Quase 30% da população adulta portuguesa vive com obesidade. Com o dia que a assinala esta doença crónica a aproximar-se, a Licenciatura em Ciências da Nutrição da Atlântica – Instituto Universitário lança um alerta para a necessidade de uma abordagem sistémica à saúde metabólica, reforçando que o sucesso clínico depende da compreensão de fatores que extravasam a dieta, como o stress ou a privação de sono.
“Para este ano, a Federação Mundial da Obesidade definiu como tema ‘8 mil milhões de razões para agir’, reforçando que a obesidade não é apenas uma questão de escolha individual, mas também um reflexo de desigualdades estruturais”, explica Susana Arranhado, nutricionista e coordenadora da Licenciatura em Ciências da Nutrição na Atlântica.
Em Portugal, onde o excesso de peso atinge 67,6% dos adultos, os determinantes sociais de saúde, como o nível de rendimento e a estabilidade laboral, surgem cada vez mais como barreiras invisíveis à perda de peso. “Não podemos continuar a apostar num discurso que só olha para as calorias. É imperativo entender o ambiente obesogénico em que as famílias portuguesas estão inseridas”, sublinha Susana Arranhado, alertando ainda para questões como a privação de sono ou o stress, que são atualmente reconhecidos como disruptores metabólicos fundamentais.

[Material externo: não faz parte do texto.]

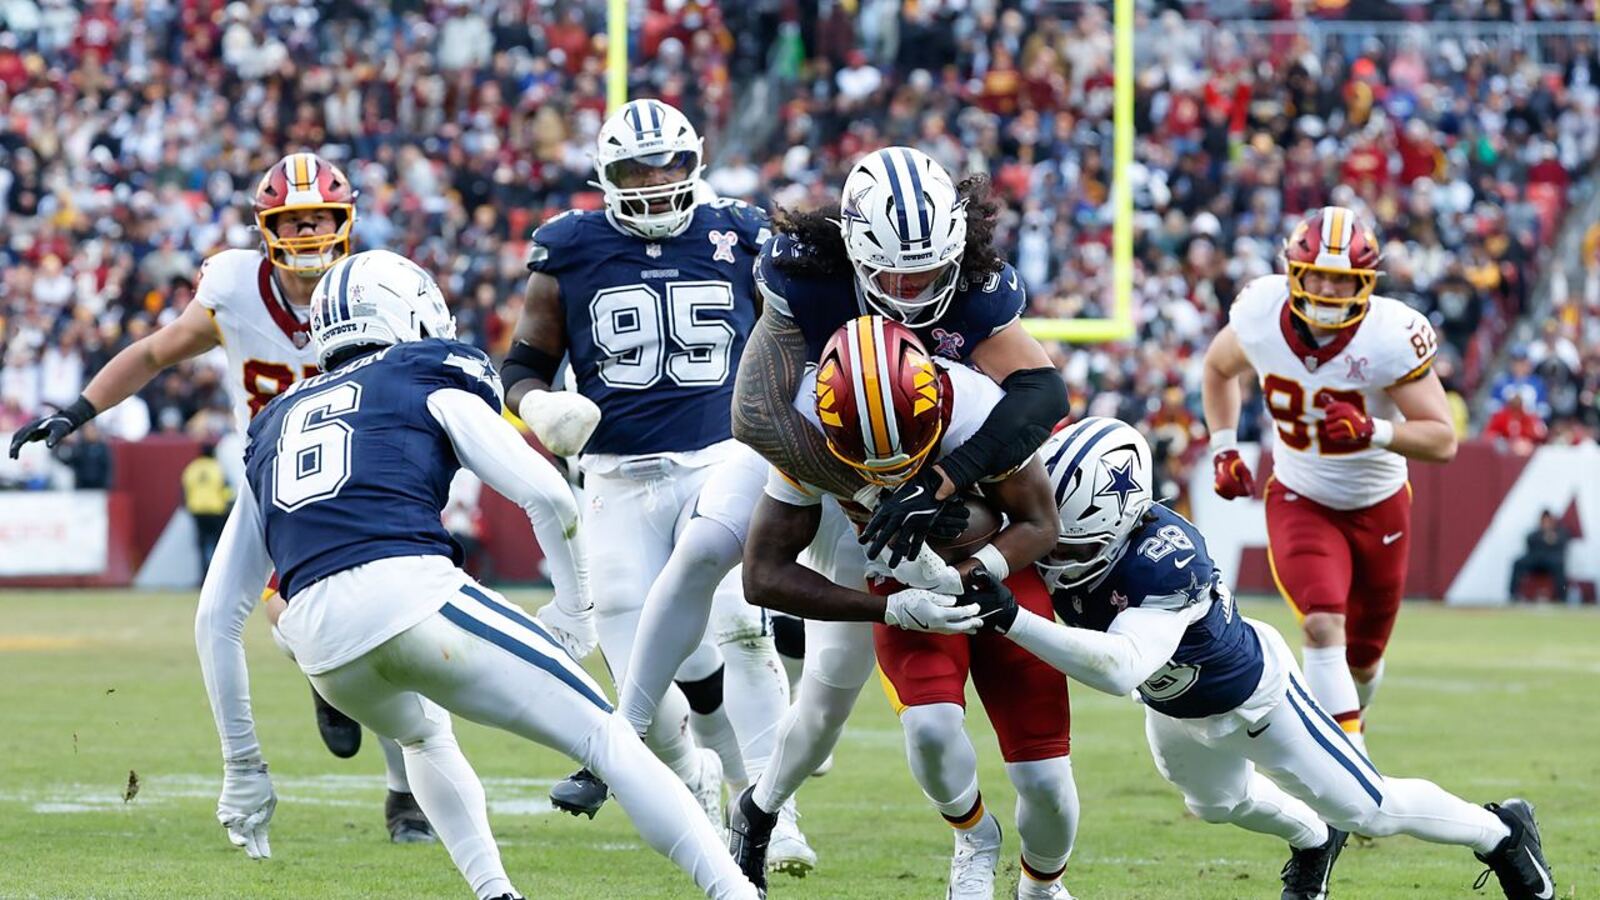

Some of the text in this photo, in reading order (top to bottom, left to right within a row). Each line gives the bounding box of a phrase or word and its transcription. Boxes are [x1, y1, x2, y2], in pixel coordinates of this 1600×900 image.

O impacto invisível do stress e falta de sono
“A falta de descanso e a pressão psicológica alteram o eixo hormonal (como o cortisol e a grelina), aumentando a fome emocional e reduzindo o gasto energético”, explica a docente. Atualmente, é reconhecido o impacto da privação de sono na resistência à insulina, contribuindo ainda para maior apetite de alimentos ultraprocessados. O stress crónico, tão característico da sociedade atual, é muitas vezes responsável pela acumulação de gordura visceral, que é considerada pelos profissionais de saúde como a mais perigosa para a saúde cardiovascular.
Finalmente, a Atlântica alerta ainda para outras circunstâncias socioeconómicas, que limitam, muitas vezes, a possibilidade de optar por produtos frescos e sazonais, sendo muitas vezes mais barata e fácil uma alimentação com base em ingredientes processados.
Formação cada vez mais orientada para equipas multidisciplinares
A Atlântica posiciona a sua licenciatura como uma resposta direta a este cenário, preparando profissionais capazes de atuar em equipas multidisciplinares. O foco não reside apenas na prescrição dietética, mas na intervenção em comunidades vulneráveis e na promoção de políticas públicas que combatam as causas estruturais da obesidade.
Ao assinalar este dia, a Atlântica reitera o seu compromisso com uma nutrição baseada na evidência e na empatia, reconhecendo que em Portugal, onde a obesidade infantil também apresenta dados preocupantes, agir sobre o sistema é a única forma de garantir um futuro sustentável para o Sistema Nacional de Saúde e para as gerações vindouras.